THE PROBLEM: Reproduce each record below in full, word for word, without images.

-*-

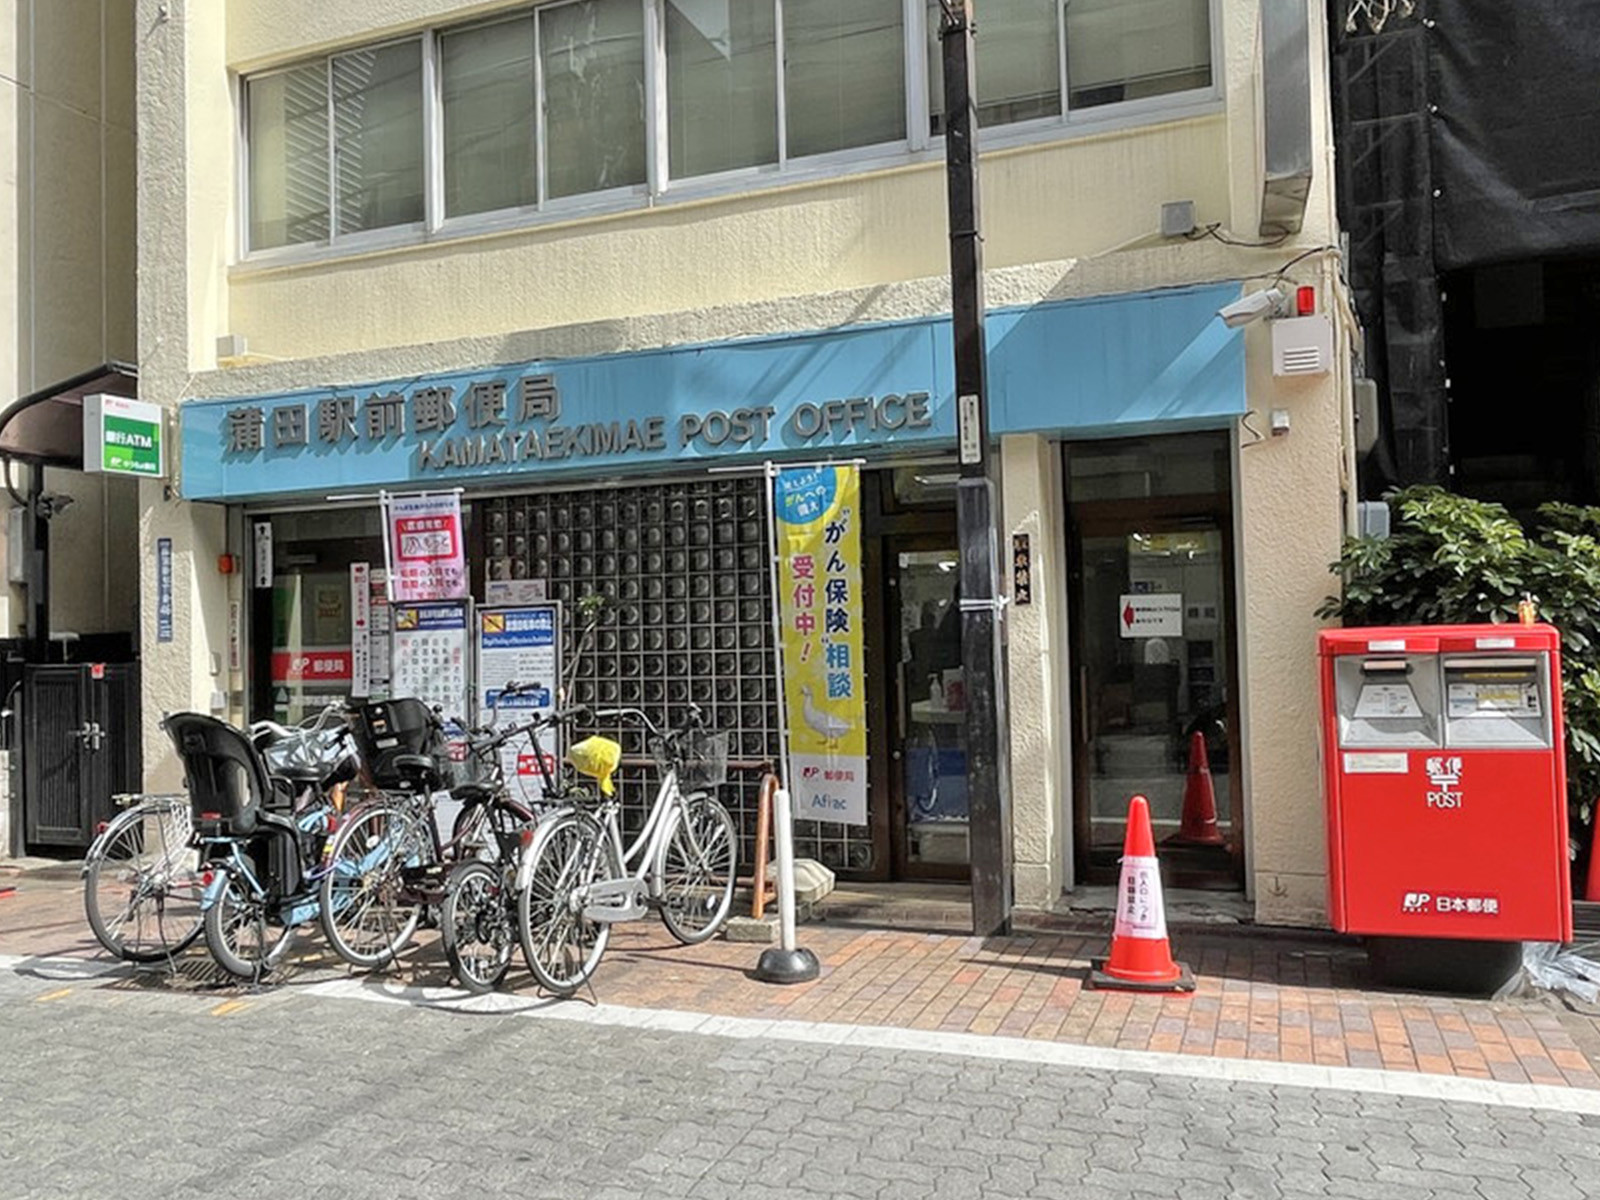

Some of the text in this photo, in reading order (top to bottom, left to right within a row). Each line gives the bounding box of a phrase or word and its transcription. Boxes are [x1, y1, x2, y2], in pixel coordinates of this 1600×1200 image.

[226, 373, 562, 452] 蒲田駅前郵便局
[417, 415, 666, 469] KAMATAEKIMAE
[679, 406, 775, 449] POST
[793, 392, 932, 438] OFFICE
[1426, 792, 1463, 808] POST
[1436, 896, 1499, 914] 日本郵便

-*-

ANSWER SECTION:
Some of the text in this photo, in reading order (top to bottom, left to right within a row). Each line gives the bounding box of a phrase or word and its transcription. Boxes are [x1, y1, x2, y2], in pixel coordinates of this 1600×1200 image.

[226, 373, 562, 452] 蒲田駅前郵便局
[417, 415, 666, 469] KAMATAEKIMAE
[679, 406, 775, 449] POST
[793, 392, 932, 438] OFFICE
[1426, 792, 1463, 808] POST
[1436, 896, 1499, 914] 日本郵便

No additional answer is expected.